[Saved entries]
++++++++

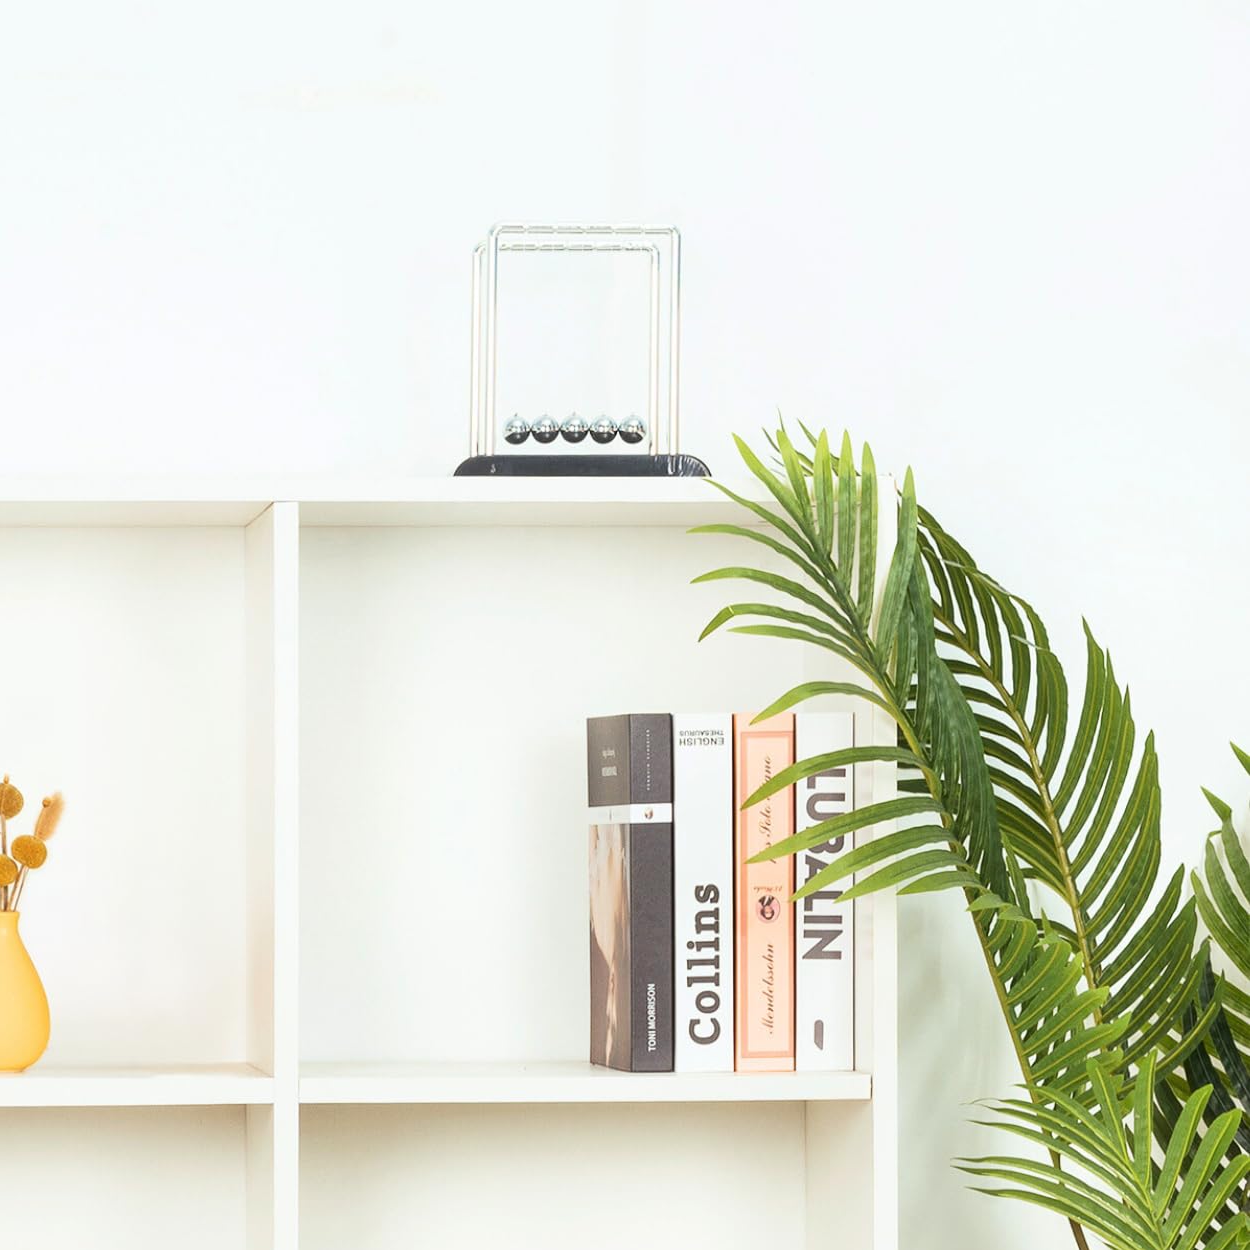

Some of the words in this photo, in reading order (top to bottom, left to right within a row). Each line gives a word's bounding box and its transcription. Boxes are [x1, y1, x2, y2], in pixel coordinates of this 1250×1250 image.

[679, 737, 725, 746] ENGLISH
[687, 883, 721, 1045] Collins
[647, 983, 656, 1030] MORRISON
[760, 943, 775, 1035] Mendelssohn
[647, 1031, 656, 1052] TONI
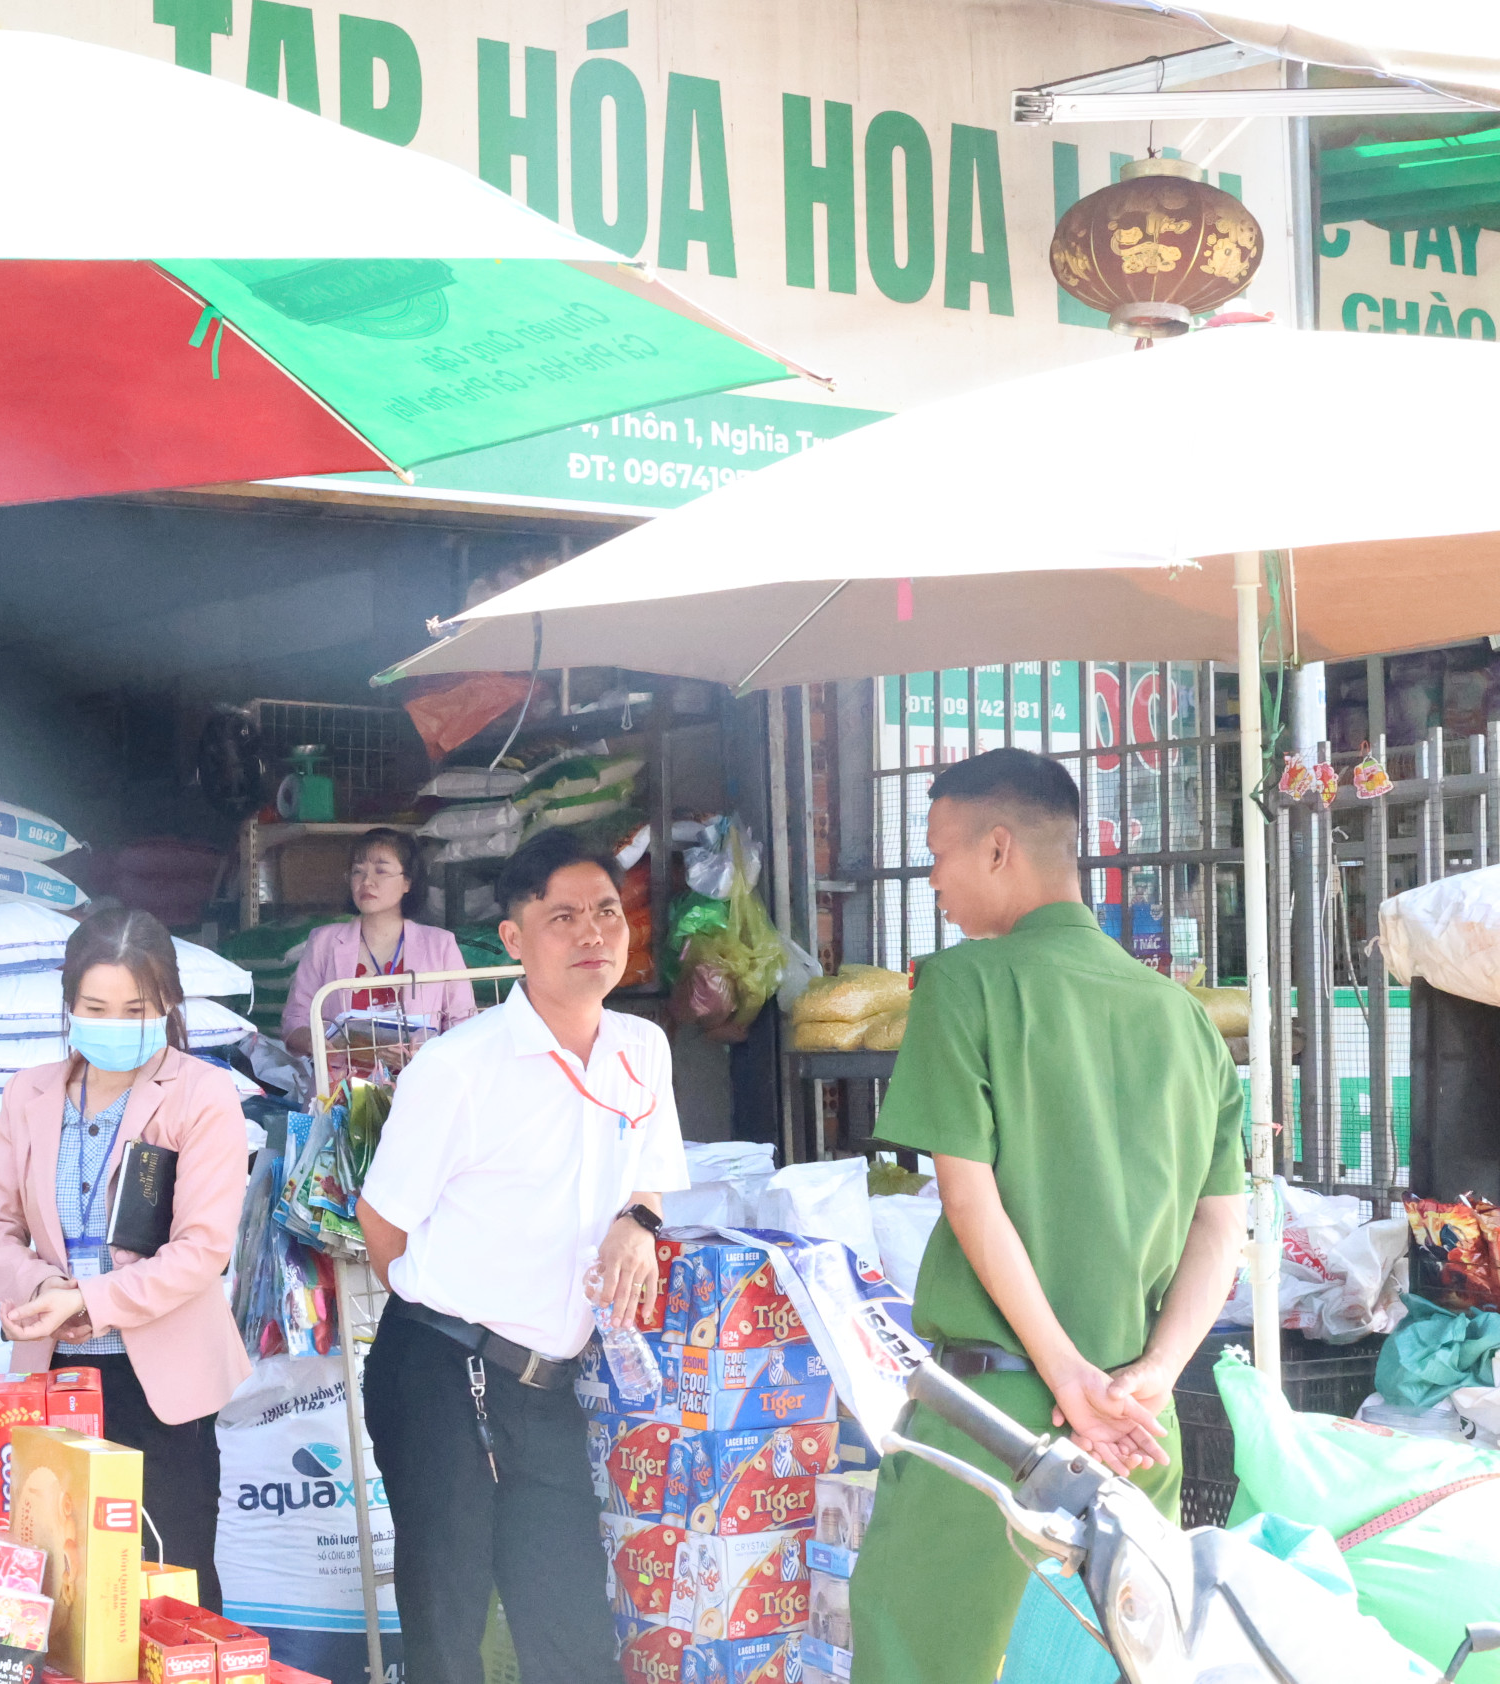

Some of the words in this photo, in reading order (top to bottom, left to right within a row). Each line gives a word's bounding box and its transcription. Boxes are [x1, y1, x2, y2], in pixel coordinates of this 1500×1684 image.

++++++++

* _Brief_
Exclude the images, then output the data above word for word.

* _Result_
Some of the words in this photo, in reading order (top to bottom, left to right within a row). Each line gives a word's bounding box and its transcription. Boxes are [x1, y1, x2, y2], in pixel coordinates of this 1250×1250 image.

[679, 737, 725, 746] ENGLISH
[687, 883, 721, 1045] Collins
[647, 983, 656, 1030] MORRISON
[760, 943, 775, 1035] Mendelssohn
[647, 1031, 656, 1052] TONI

Some of the words in this photo, in reading order (top to bottom, left to right within a row). Each line gives a word's bounding box and its transcription. Boxes are [x1, y1, x2, y2], in pixel coordinates of this 1500×1684 image.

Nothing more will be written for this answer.